As my first diary stated, I spent 12 years as a Planned Parenthood employee. My lily pad has been rocking due to the ongoing clatter from the Republican's and their stance on women and their subsequent rights.
This topic has been discussed, diaries are always written with this subject matter and I am no exception.
The difference is that lately I began to see that I have been taking it very personally.
I believed in what I was doing. How many of us can say that and truly mean it? I believe that we always need to help or contribute to those basic human rights. I contributed with my blood, my sweat and my tears.
Cut off federal funding for Planned Parenthood and other clinics that seek to improve the health care of women? How dare you GOP! How dare you Paul Ryan align yourself with someone who probably never had to use a condom cause we know you didn't!
Twelve years! Twelve years of my life dedicated to assisting women in their choices and in educating them! I croak it again, twelve years. Yet what really brought me to write this was the memory of a nurse named Anita.
Anita was an older woman when I met her. She was the patient services coordinator for a Planned Parenthood in Ohio. I worked by her side for those many years and none of the employees including the Executive Director knew just exactly how old she was.
Anita was a registered nurse who also was a retired Colonel from the Air Force. Once retired and still wanting to serve she landed her wings at Planned Parenthood. Anita would always say how the young women need our help. Anita would pat the hand of young women and then in a military fashion she would give them a lecture, teach them on how to take their birth control and wish them well while giving them a follow-up appointment. In other words she was working the ranks with the rest of us. She did not sit in an office and review things. In fact, she did her reading and charting late in the day after working the clinic.

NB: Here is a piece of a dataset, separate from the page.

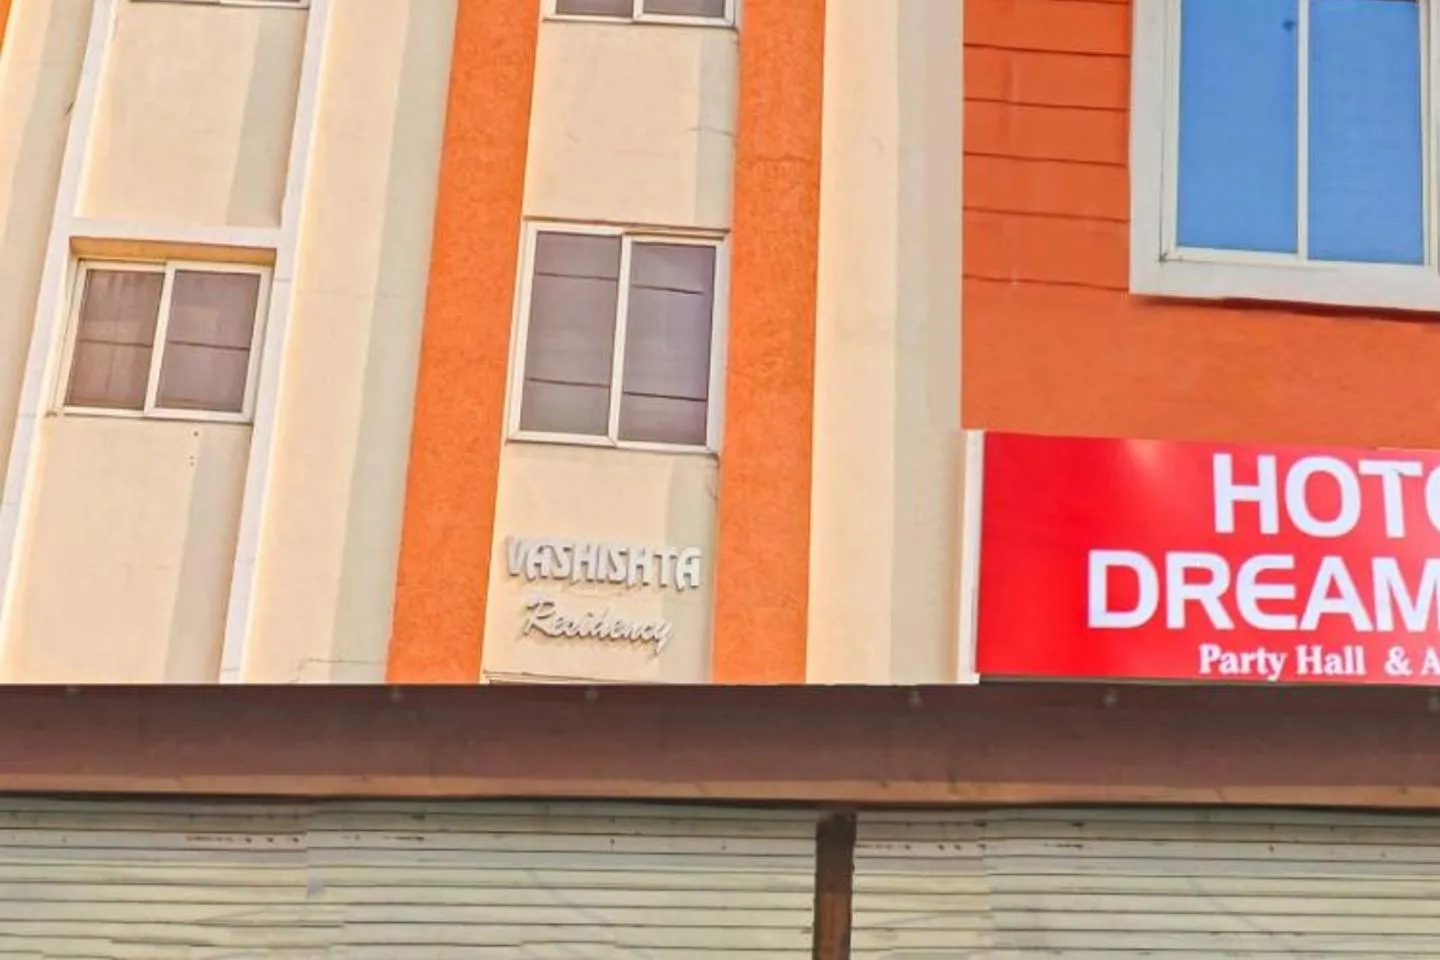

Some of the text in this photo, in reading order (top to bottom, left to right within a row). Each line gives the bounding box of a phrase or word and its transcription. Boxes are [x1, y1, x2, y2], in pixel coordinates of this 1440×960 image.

[505, 537, 702, 591] VASHISHTA
[1199, 644, 1287, 680] Party
[1296, 644, 1366, 676] Hall
[1384, 646, 1413, 677] &

Countless of times and I do mean countless Anita would be on the phone with a patient who couldn't make it to the clinic. Anita understood the plight of finding transportation and trying to get to the clinic. Anita would wait at the clinic. Doors locked and everyone gone for the day, except a few such as myself she would wait for the woman to come, unlock the door, and then into a counseling room they would go. Imagine if you can someone who looked like your garden variety grandmother talking to you about something so personal as your body. Imagine having such a nurse, wearing a scrub nursing dress (do they even make these anymore?) calling you dear heart and then asking if you had a way to get back home. Every one that I happen to see on those late evenings left giving Anita a hug.
Anita's style of management was military in fashion and then reciting her standard remarks. You had to do what she asked. Hell, you looked at her and saw that she could out work any of us. Her favorite thing to say was that many hands make light work. She left her mark in many a person's heart and she left her mark on Planned Parenthood.
When she passed away years after she finally decided to retire and many of us had moved on either personally or professionally I was called. Informed of her death and the details regarding her funeral I made my way to the service. What did I see other than her remaining family? I saw rows and rows of Planned Parenthood nurses, lab techs, counselors and physicians coming to pay their final respects to a woman who believed in what she was doing.
How dare you GOP for even suggesting and flaunting this issue. It makes a mockery of those who worked and lived and breathed for the right of all women to have good reproductive health care. It belittles progress and humanity. Perhaps if you would have met Anita you just may have opened up your eyes to what is truly right.
Ribit- I dedicate my croaking song to Anita and to Planned Parenthood. You made a difference in countless of lives and I will keep croaking your praises!